Kai Fiáin: Concrete & Film
Concrete & Film is a multidisciplinary exhibition bringing together moving image, sculpture, and writing. The project is inspired by the ever-shifting landscape of London’s Zone 4—a liminal territory where the city peters out and the countryside has yet to begin. Sandwiched between the inner circular roads and the M25, this landscape is defined by flat-pack warehouses gridded into trading estates and abandoned industrial forecourts that are slowly being reclaimed by nature. Where suburban semi-detached houses rub shoulders with crumbling council estates and traveller sites nestled beneath the wings of monumental flyovers.
At the centre of the exhibition is The Links, the council estate where Fiáin grew up. Through this landscape class experience, place, and the social lifecycle of post-war housing estates is explored. Drawing on personal anecdotes, psycho-geographical wandering, and material-led practice, the exhibition reflects on the lived reality of estates—from their hopeful modernist beginnings, through decades of neglect, to demolition, privatisation, and gentrification. While rooted in a specific place, the work speaks to shared experiences of council estates across the UK and Northern Europe.

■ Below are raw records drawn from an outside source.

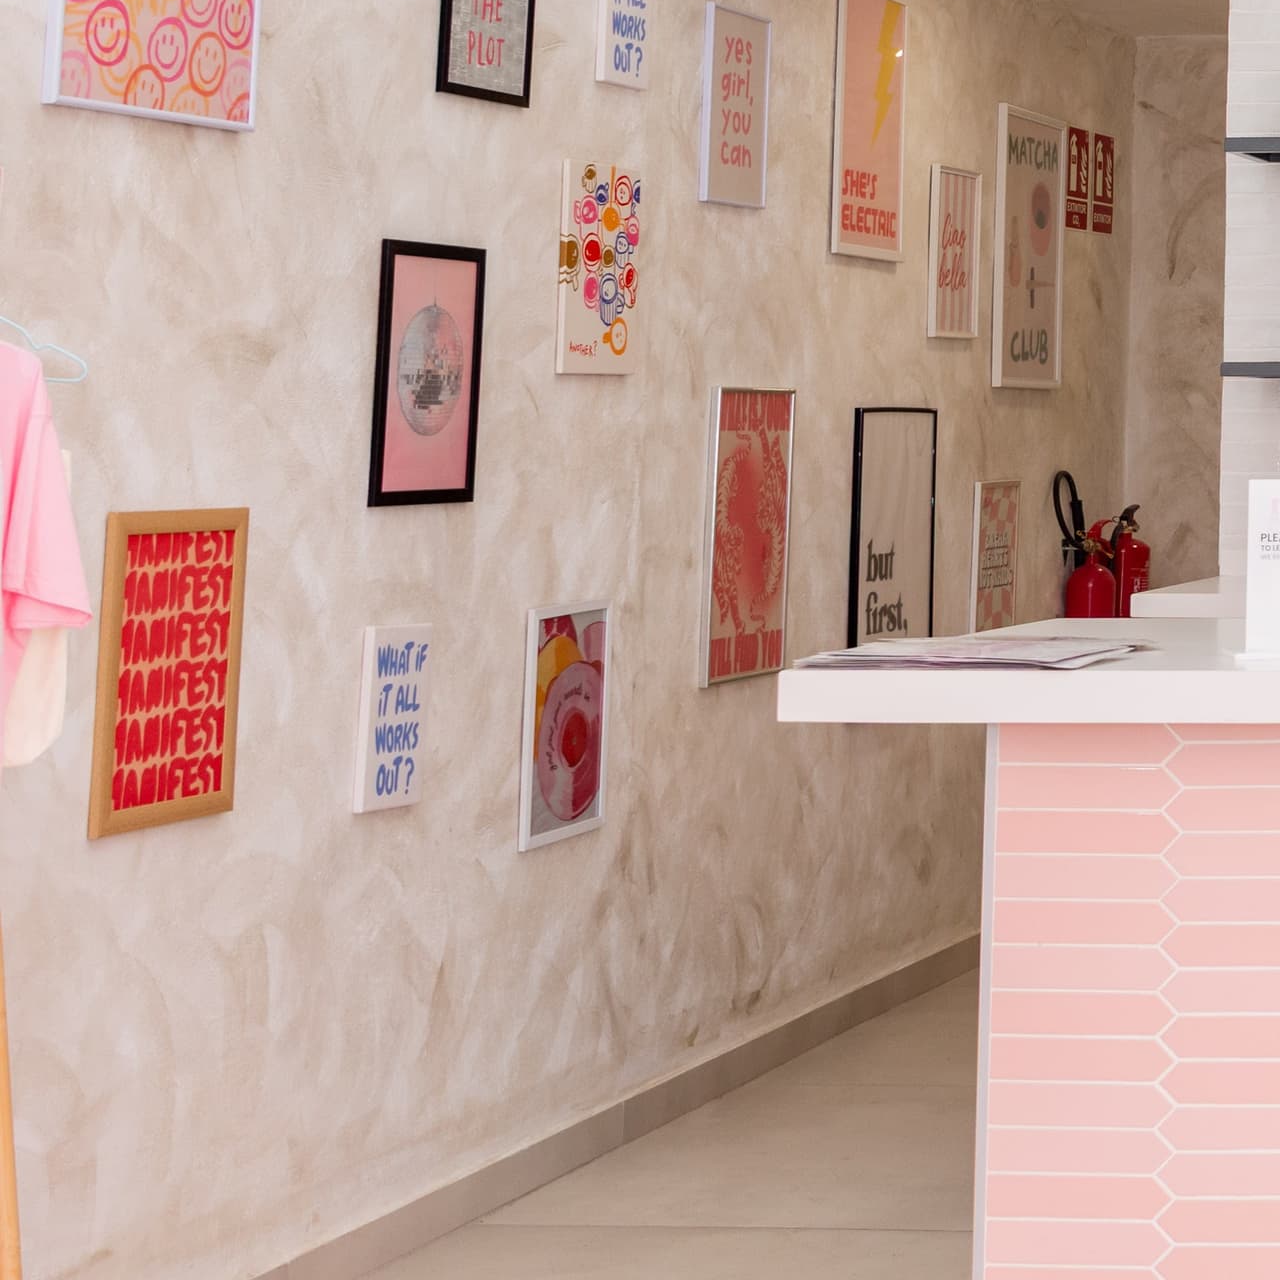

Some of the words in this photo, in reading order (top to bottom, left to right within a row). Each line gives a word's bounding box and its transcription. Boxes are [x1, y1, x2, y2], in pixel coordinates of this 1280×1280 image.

[612, 10, 646, 41] WORKS
[467, 30, 505, 67] PLOT
[725, 35, 753, 65] yes
[721, 69, 754, 107] girl,
[721, 107, 752, 136] you
[720, 140, 752, 169] can
[1008, 133, 1059, 173] MATCHA
[842, 170, 878, 200] SHE'S
[841, 204, 897, 239] ELECTRIC
[942, 213, 967, 250] Ciao
[938, 252, 967, 291] bella
[1010, 328, 1049, 366] CLUB
[866, 537, 895, 583] but
[865, 591, 908, 635] first,
[378, 641, 415, 678] WHAT
[395, 684, 420, 715] ALL
[375, 722, 420, 755] WORKS
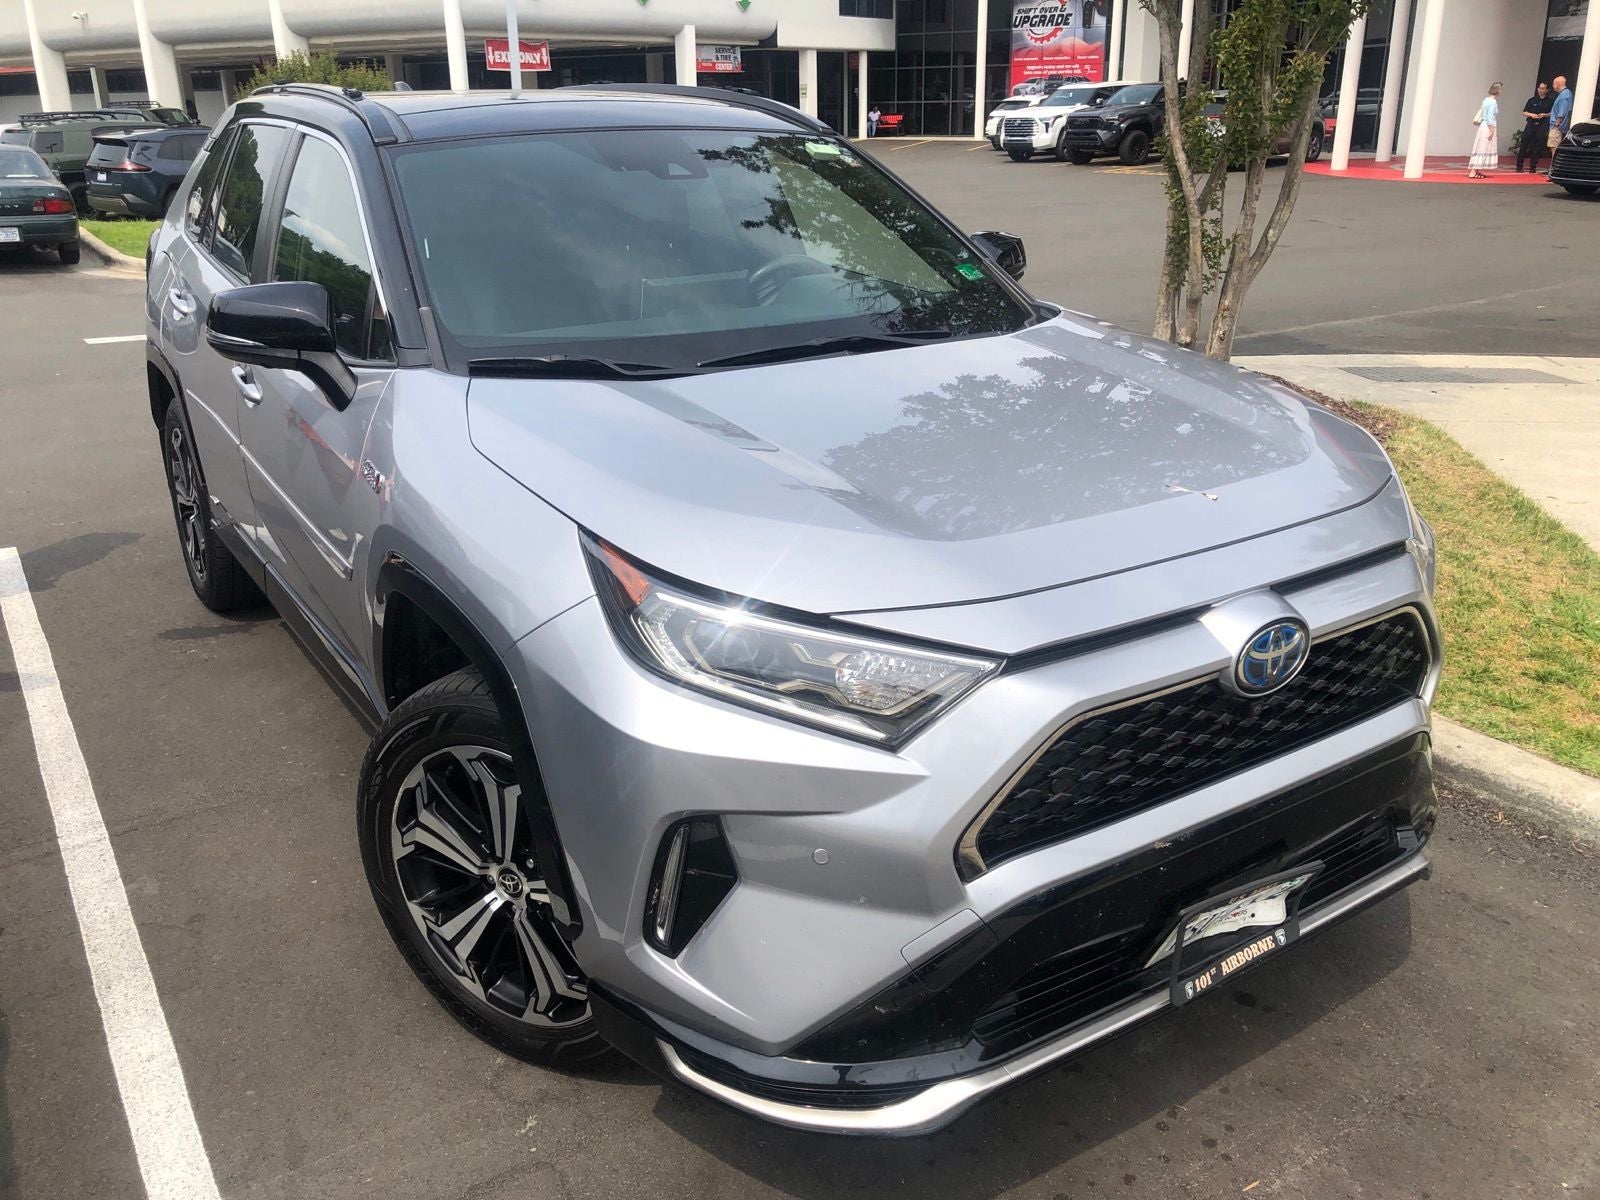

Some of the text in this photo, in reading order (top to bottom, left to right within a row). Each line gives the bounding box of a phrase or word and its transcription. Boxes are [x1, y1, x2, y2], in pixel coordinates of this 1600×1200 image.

[1059, 4, 1067, 12] &
[1013, 13, 1073, 28] UPGRADE
[494, 51, 511, 63] EXI
[1220, 935, 1276, 977] AIRBORNE
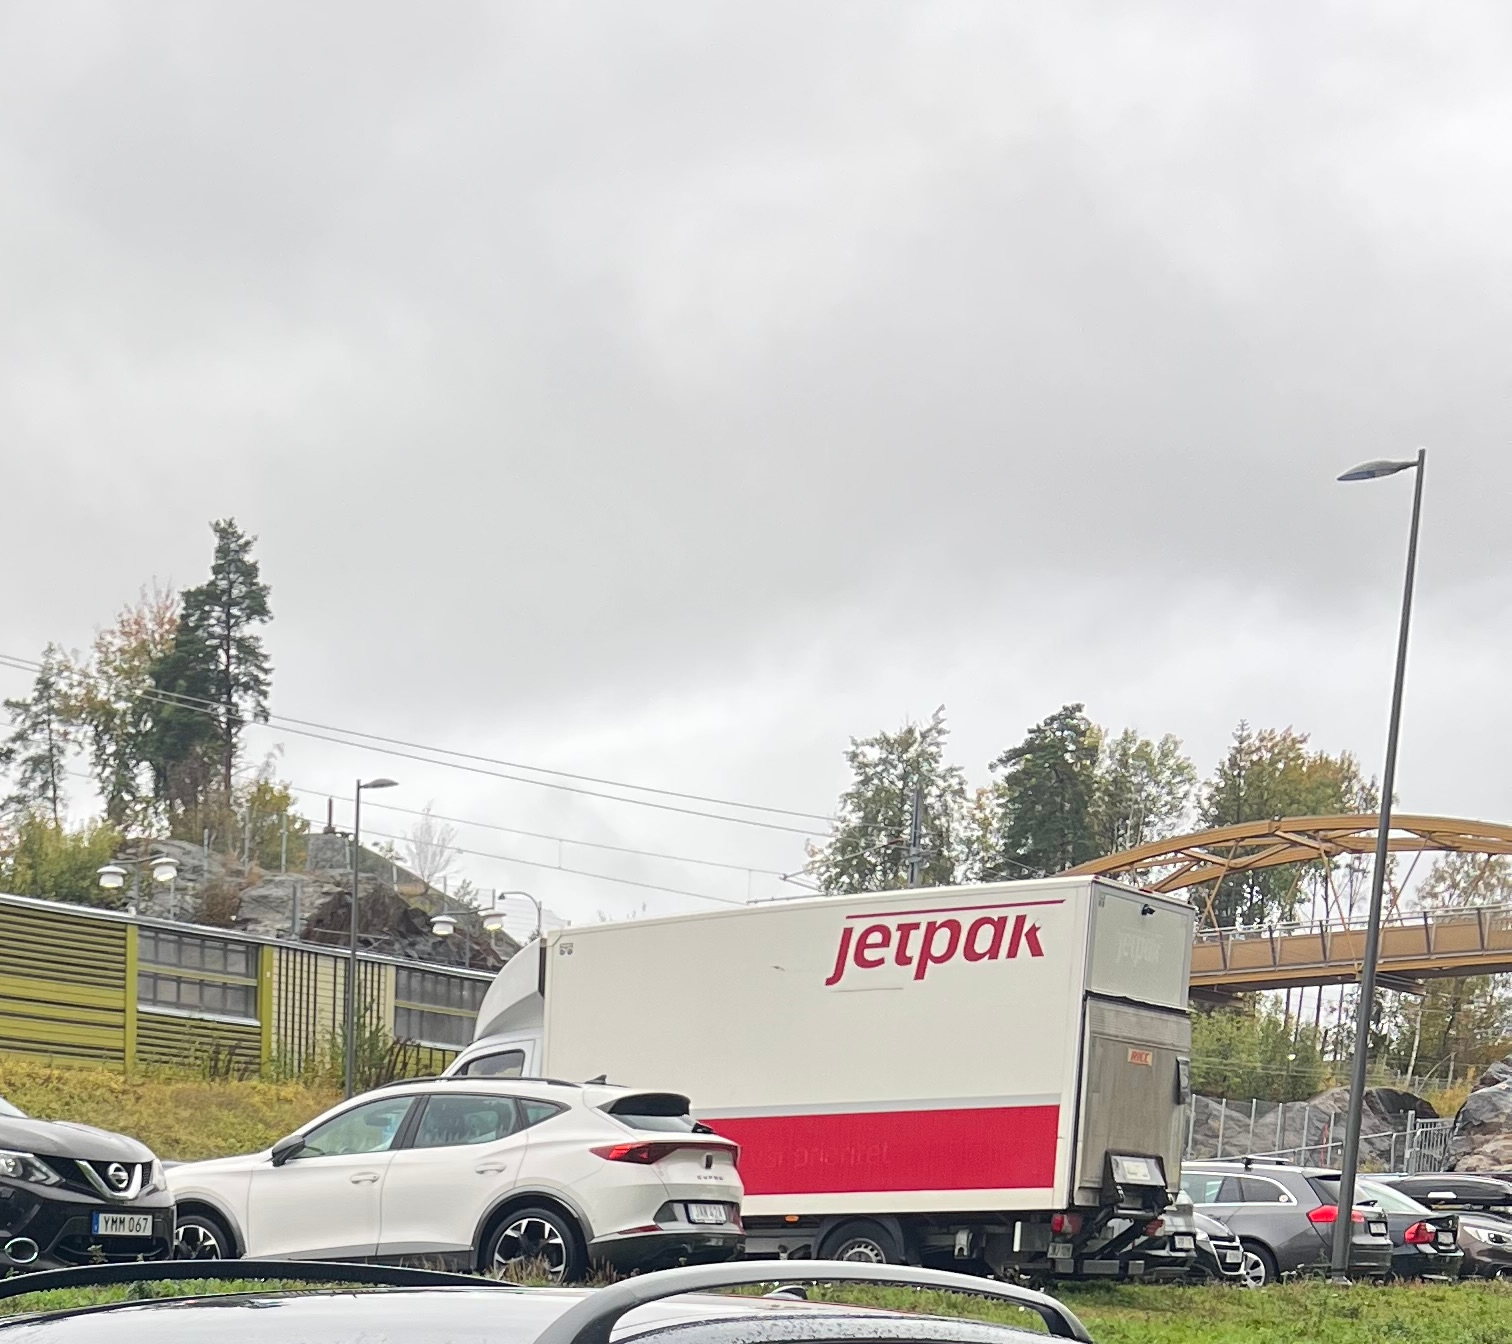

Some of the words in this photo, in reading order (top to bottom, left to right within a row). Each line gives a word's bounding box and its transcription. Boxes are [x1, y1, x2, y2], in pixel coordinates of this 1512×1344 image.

[825, 914, 1044, 986] jetpak
[103, 1215, 126, 1232] YMM
[128, 1216, 148, 1233] 067
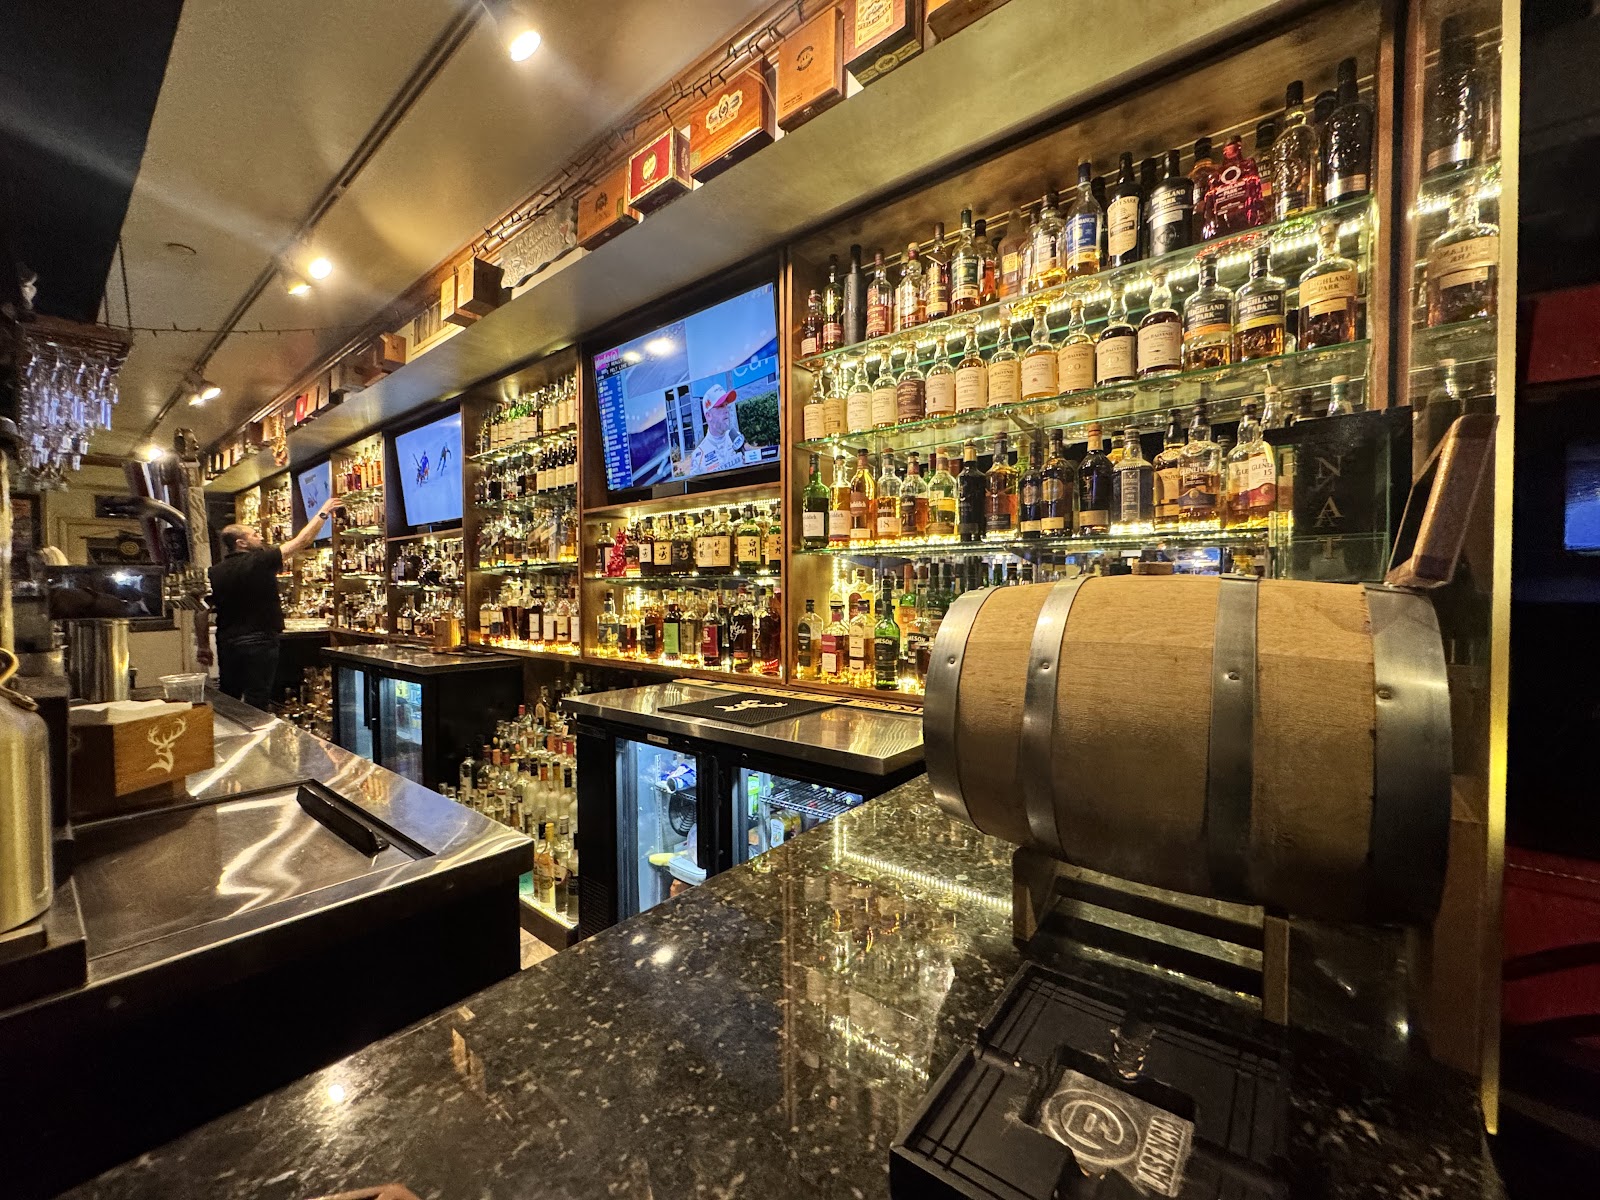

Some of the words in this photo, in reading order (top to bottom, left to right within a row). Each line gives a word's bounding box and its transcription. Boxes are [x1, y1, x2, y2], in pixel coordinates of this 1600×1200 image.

Using archive footage, Super 8 film, time-specific materials, and sculptural installations, Concrete & Film examines opposing aesthetics, the constructs of “good” and “bad” taste, and how these are intrinsically linked to class in the UK. By juxtaposing folk and working-class aesthetics with minimalist and modernist forms, the exhibition questions dominant cultural hierarchies and visual value systems.
The project reflects on marginal landscapes and those who inhabit them. It functions as a memorial to council estates and the historical moment in which they existed. The exhibition is time-specific to the life and death of The Links itself, marking both its physical erosion and its social disappearance.
Kai Fiáin lives in West Cork but was born in London and attended Chelsea School of Art where he graduated with BA (hons) first class. His sculpture, moving image and more recently, written work weaves stories shaped by the psycho-geographical landscape of London, with recurring themes of class and queerness. His work has been exhibition nationally and internationally; most notably at the ICA, The Whitechapel gallery, and the Southbank centre. His narrative films have been shown internationally, winning awards including Channel 4’s Random Acts award for best short film at the London Short Film Festival. His first two pieces of prose were published to acclaim by GRASS magazine.